Pharmacobiologically based scheduling of capecitabine and docetaxel results in antitumor activity in resistant human malignancies.
AU: Nadella,-P; Shapiro,-C; Otterson,-G-A; Hauger,-M; Erdal,-S; Kraut,-E; Clinton,-S; Shah,-M; Stanek,-M; Monk,-P; Villalona-Calero,-M-A
AD: Department of Medicine, Ohio State University College of Medicine and Public Health, Columbus, OH 43210-1240, USA.

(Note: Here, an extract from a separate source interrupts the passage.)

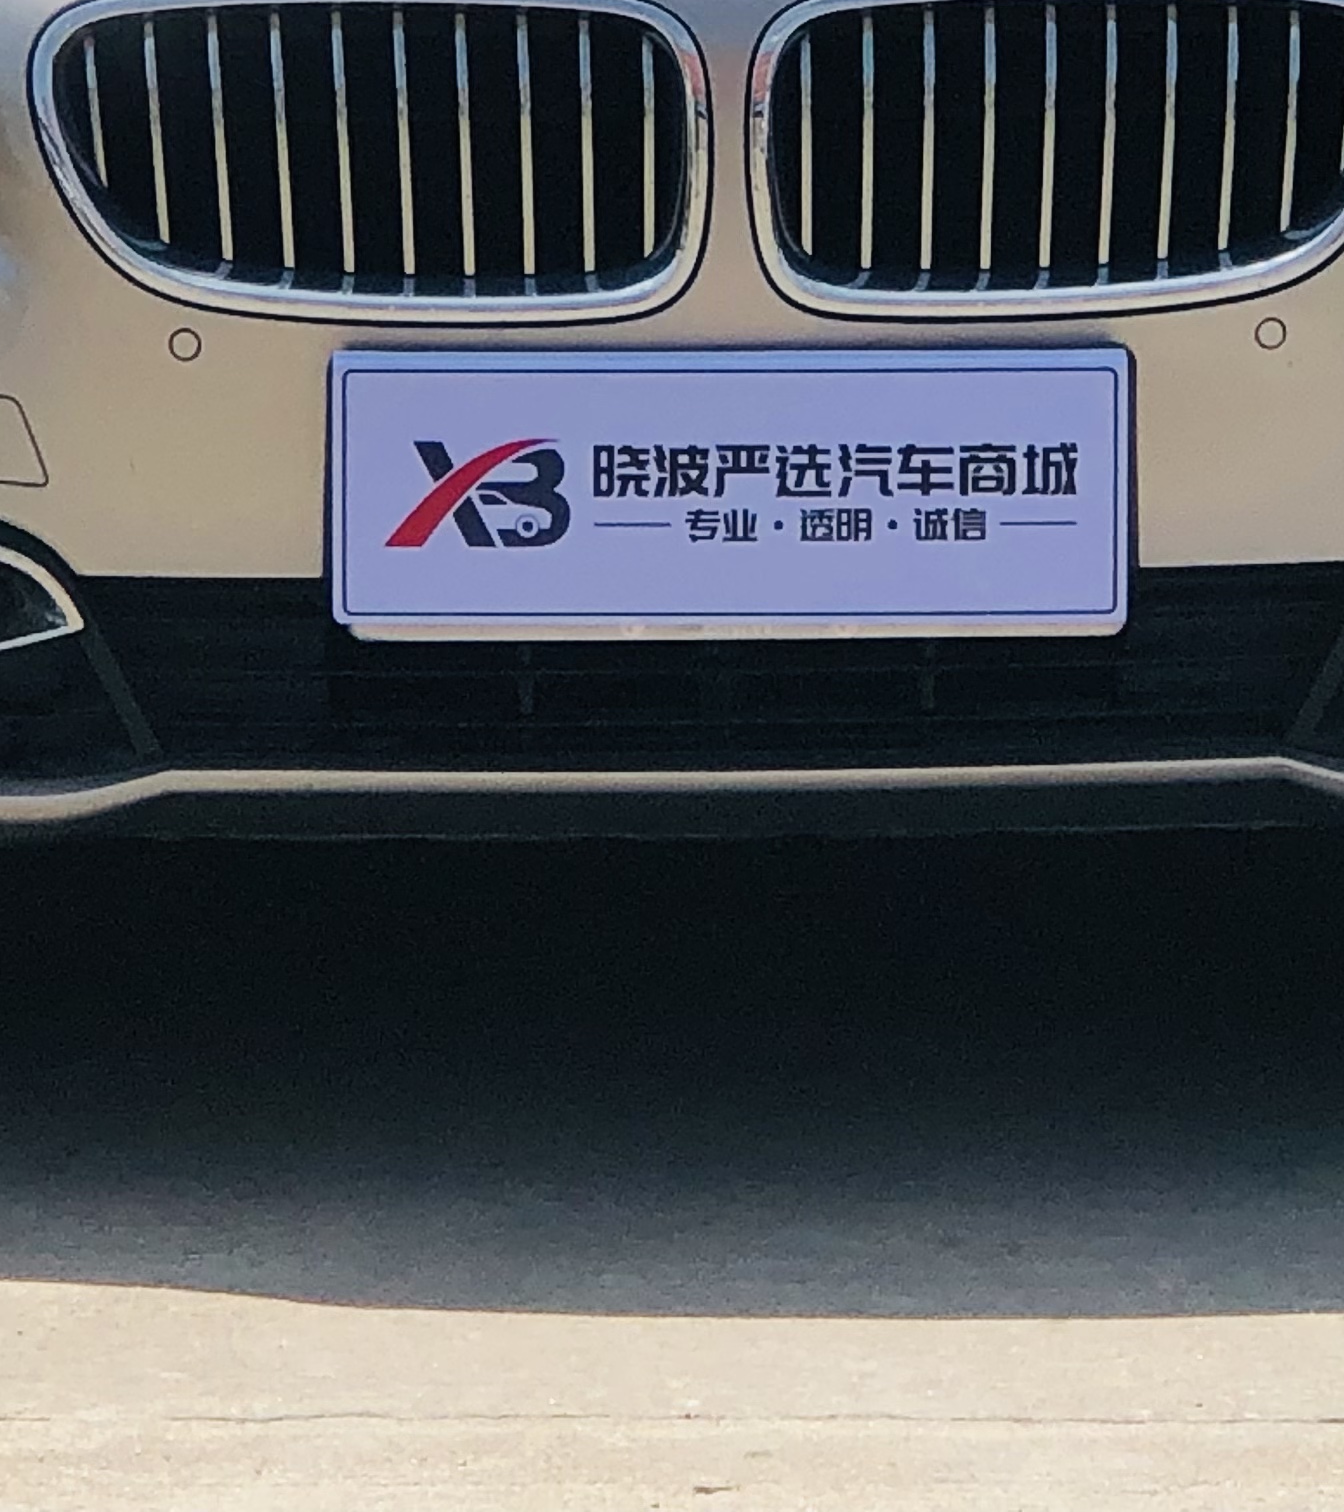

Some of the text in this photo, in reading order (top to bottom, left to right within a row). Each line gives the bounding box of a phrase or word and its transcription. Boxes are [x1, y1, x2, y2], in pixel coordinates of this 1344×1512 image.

SO: J-Clin-Oncol. 2002 Jun 1; 20(11): 2616-23
AB: PURPOSE: Capecitabine and docetaxel have demonstrated preclinical antitumor synergy. This synergy is thought to occur from docetaxel-mediated upregulation of thymidine phosphorylase (dThdPase), an enzyme responsible for the relative tumor selectivity of capecitabine. On the basis of the time-dependency and transiency for this upregulation, we performed a phase I study of capecitabine in combination with weekly docetaxel. We hypothesized that weekly docetaxel would result in sustained dThdPase expression and that capecitabine administration at times of maximum dThdPase upregulation would increase the therapeutic index for this combination. PATIENTS AND METHODS: Patients with advanced solid malignancies received docetaxel on days 1, 8, and 15, and capecitabine bid on days 5 to 18, every 4 weeks. Docetaxel was fixed at 36 mg/m(2)/wk, whereas capecitabine was escalated in successive patients cohorts. RESULTS: Sixteen patients received 77 courses at capecitabine doses from 950 to 1,500 mg/m(2)/d. The most common toxicities were hand-foot syndrome, diarrhea, nausea/vomiting, and asthenia. Grades 3 to 4 hematologic toxicities were infrequent and no treatment-related hospitalizations occurred. Three of three patients treated at 1,500/36 mg/m(2) capecitabine/docetaxel developed grade 3 hand-foot syndrome or diarrhea during either their first or second course, whereas only two of 13 patients at 1,250/36 mg/m(2) doses developed significant toxicity. Antitumor responses (n = 7) occurred in patients with hepatocellular, non-small-cell lung, and chemotherapy-refractory breast, bladder, and colorectal carcinomas. Prolonged stabilizations occurred in patients with metastatic mesothelioma (n = 2), chemorefractory non-small-cell lung carcinoma, and bronchioloalveolar carcinoma. CONCLUSION: Capecitabine in combination with weekly docetaxel is well tolerated. Recommended doses are capecitabine 1,250 mg/m(2)/d (625 mg/m(2) bid) with docetaxel 36 mg/m(2)/wk. The acceptable toxicity profile in this dose schedule, and the antitumor activity observed, warrant further evaluation of this regimen.